What you have to do:
Every record that follows is to be copied exactly, with the pictures omitted.

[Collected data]
********

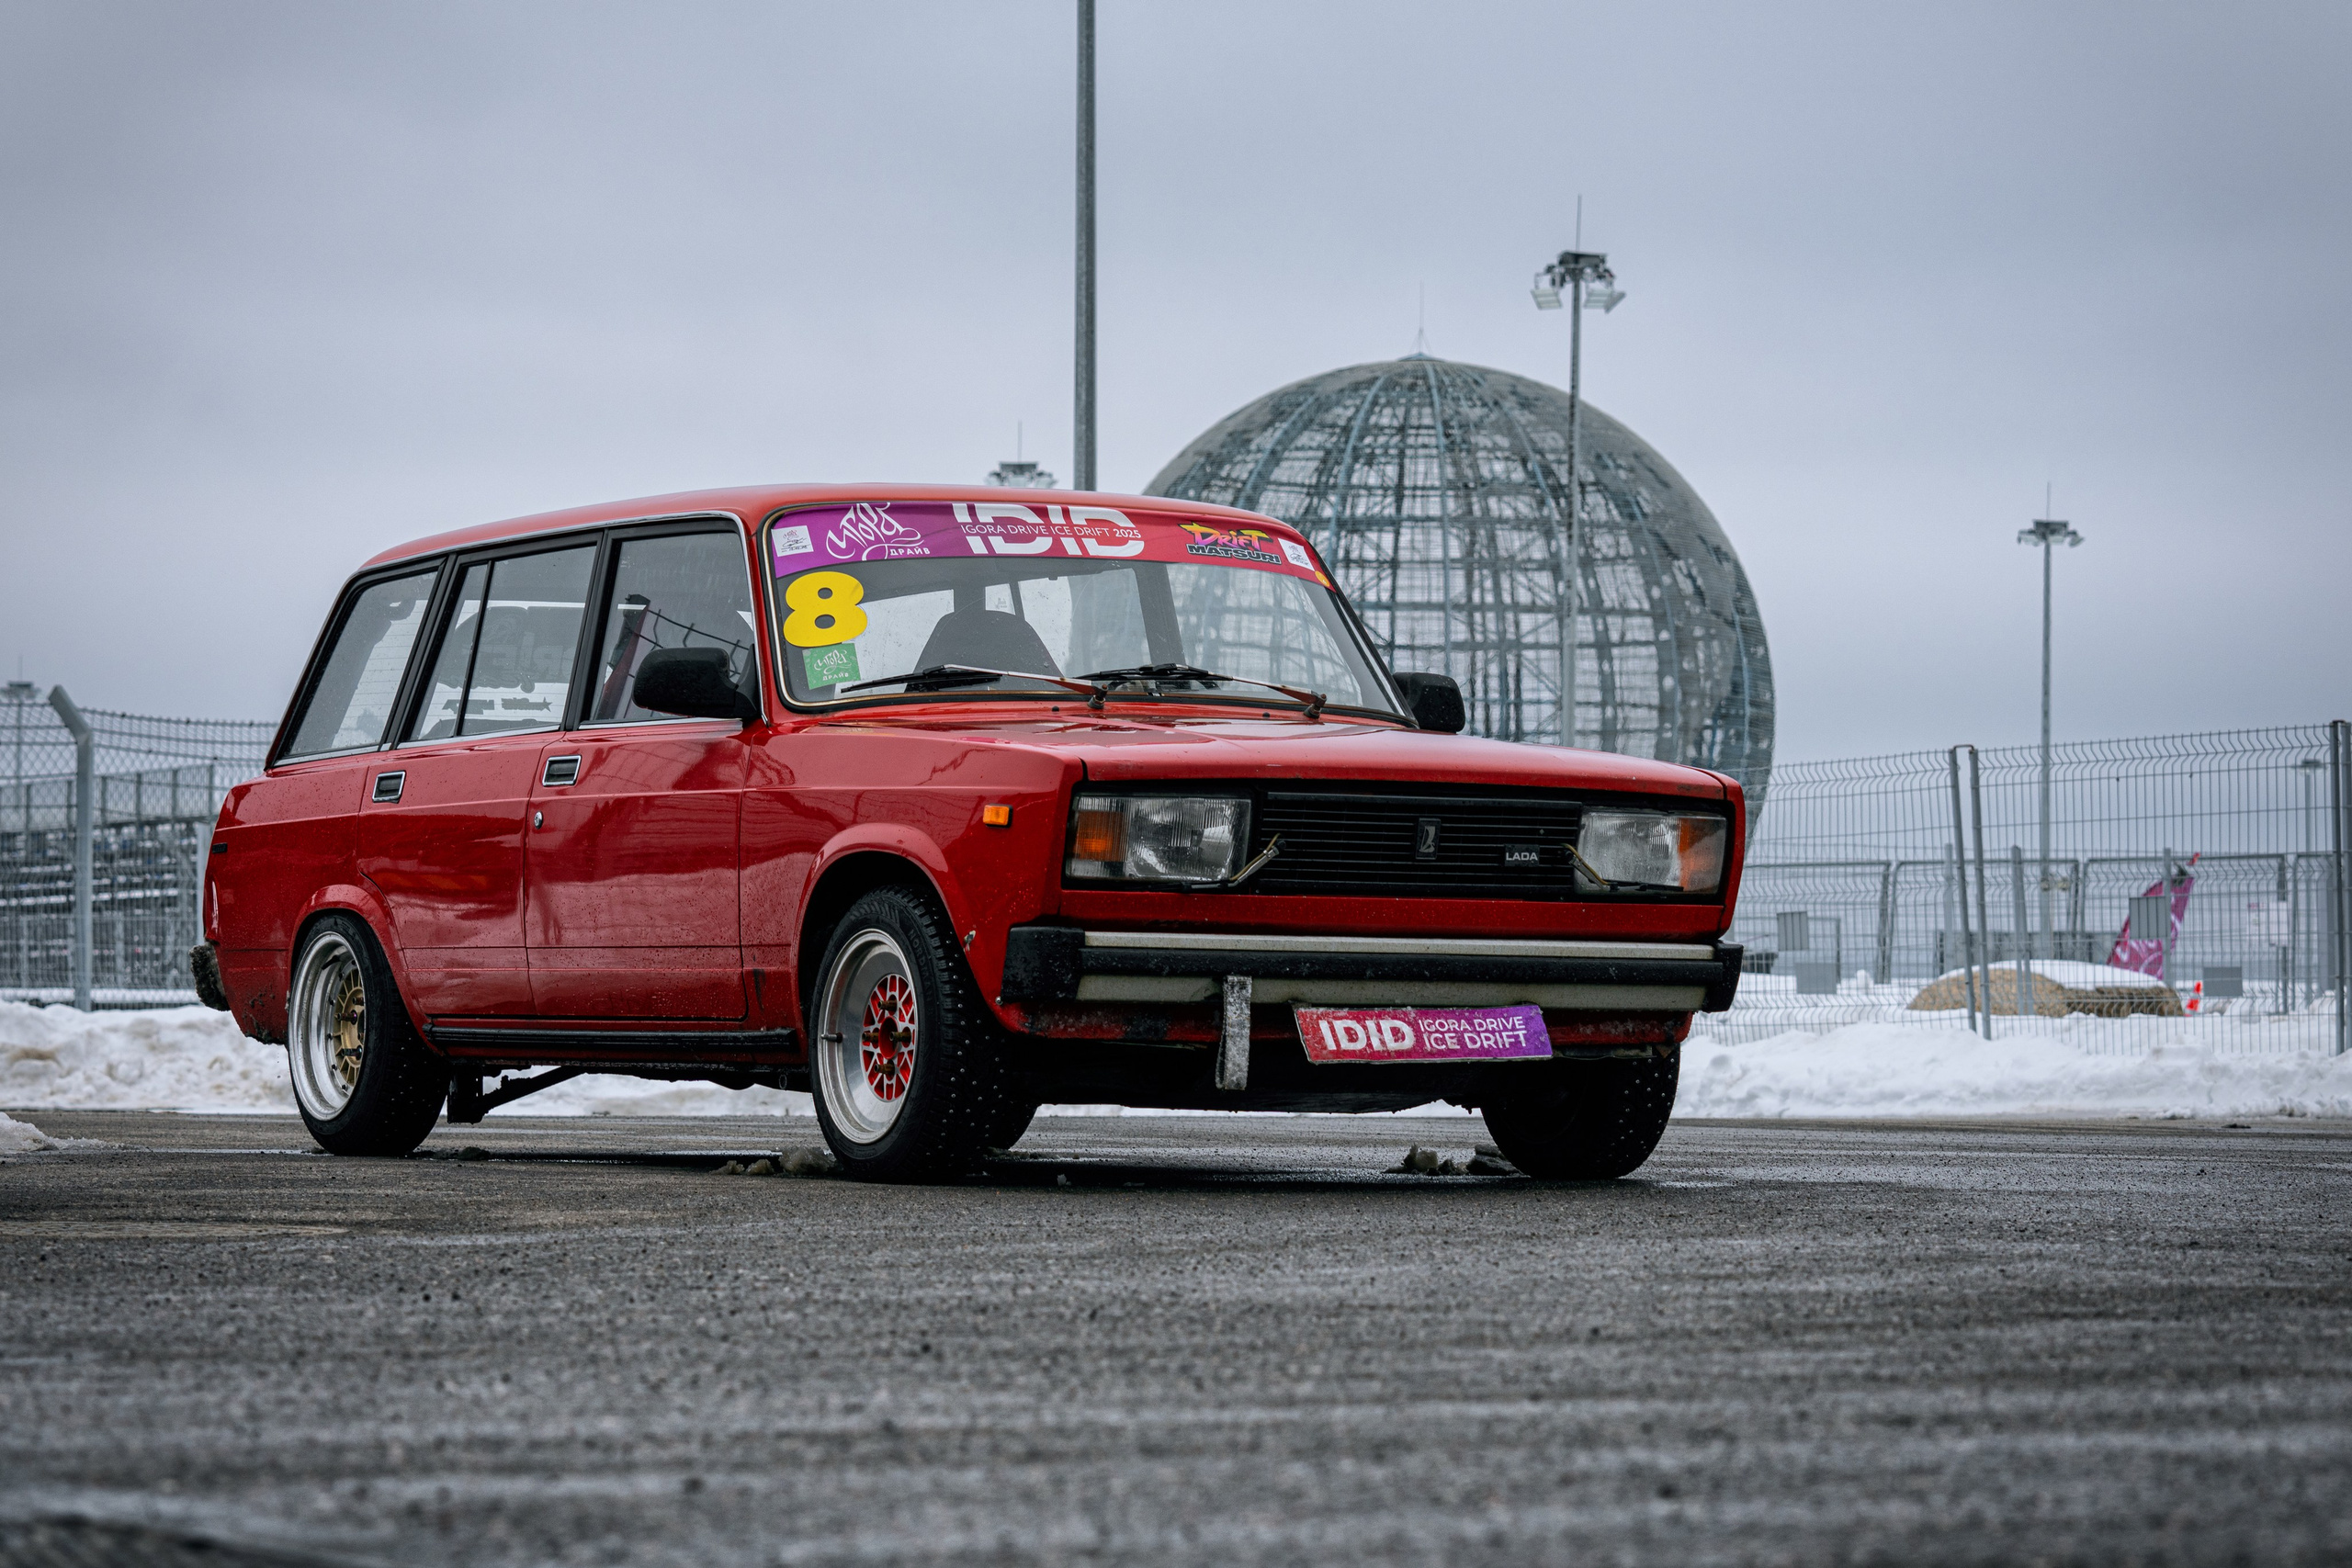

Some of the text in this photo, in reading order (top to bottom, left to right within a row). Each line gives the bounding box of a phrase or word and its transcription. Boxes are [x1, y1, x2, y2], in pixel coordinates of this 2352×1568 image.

[961, 525, 1142, 539] IGORA DRIVE ICE DRIFT 2025
[889, 547, 931, 556] ДРАЙВ
[1186, 544, 1282, 565] MATSURI
[784, 571, 867, 647] 8
[1506, 852, 1538, 861] LADA
[1419, 1017, 1527, 1032] IGORA DRIVE
[1319, 1020, 1416, 1051] IDID
[1423, 1031, 1528, 1050] ICE DRIFT
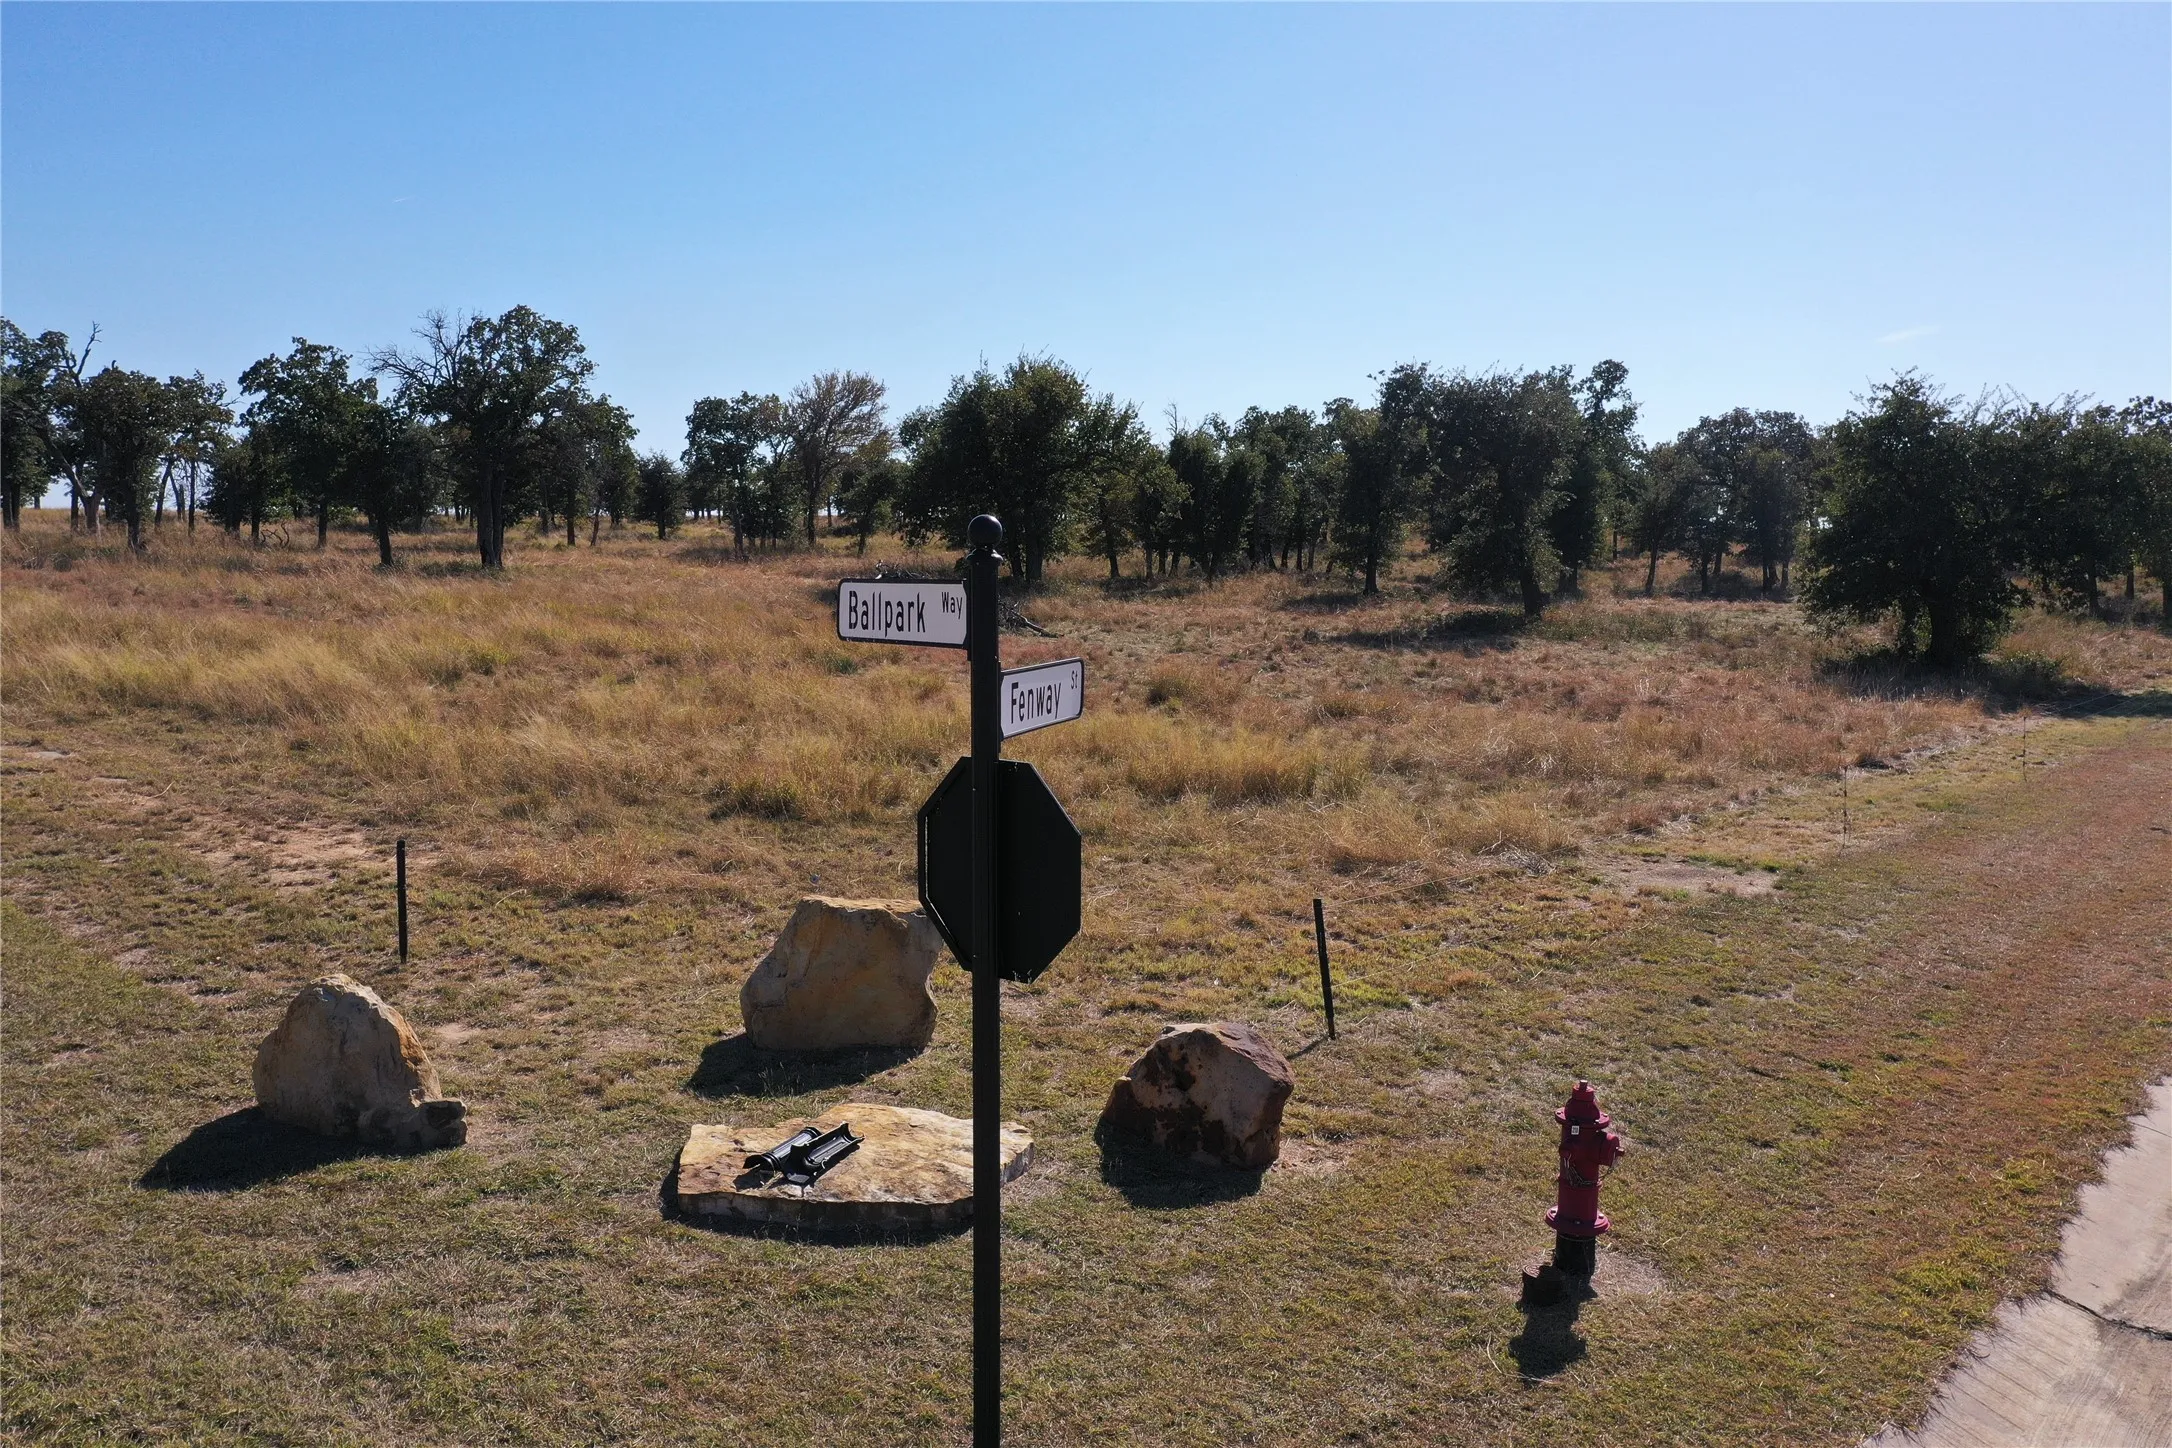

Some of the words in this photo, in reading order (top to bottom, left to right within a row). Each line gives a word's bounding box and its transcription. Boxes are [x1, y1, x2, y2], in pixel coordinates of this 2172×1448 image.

[848, 590, 926, 638] Ballpark
[941, 591, 963, 620] Way
[1011, 682, 1062, 724] Fenway
[1070, 670, 1078, 690] St

********

Answer space:
Some of the text in this photo, in reading order (top to bottom, left to right within a row). Each line gives the bounding box of a phrase or word and its transcription. Boxes are [x1, y1, x2, y2], in pixel coordinates of this 2352×1568 image.

[961, 525, 1142, 539] IGORA DRIVE ICE DRIFT 2025
[889, 547, 931, 556] ДРАЙВ
[1186, 544, 1282, 565] MATSURI
[784, 571, 867, 647] 8
[1506, 852, 1538, 861] LADA
[1419, 1017, 1527, 1032] IGORA DRIVE
[1319, 1020, 1416, 1051] IDID
[1423, 1031, 1528, 1050] ICE DRIFT

Some of the words in this photo, in reading order (top to bottom, left to right within a row). Each line gives a word's bounding box and its transcription. Boxes are [x1, y1, x2, y2], in pixel coordinates of this 2172×1448 image.

[848, 590, 926, 638] Ballpark
[941, 591, 963, 620] Way
[1011, 682, 1062, 724] Fenway
[1070, 670, 1078, 690] St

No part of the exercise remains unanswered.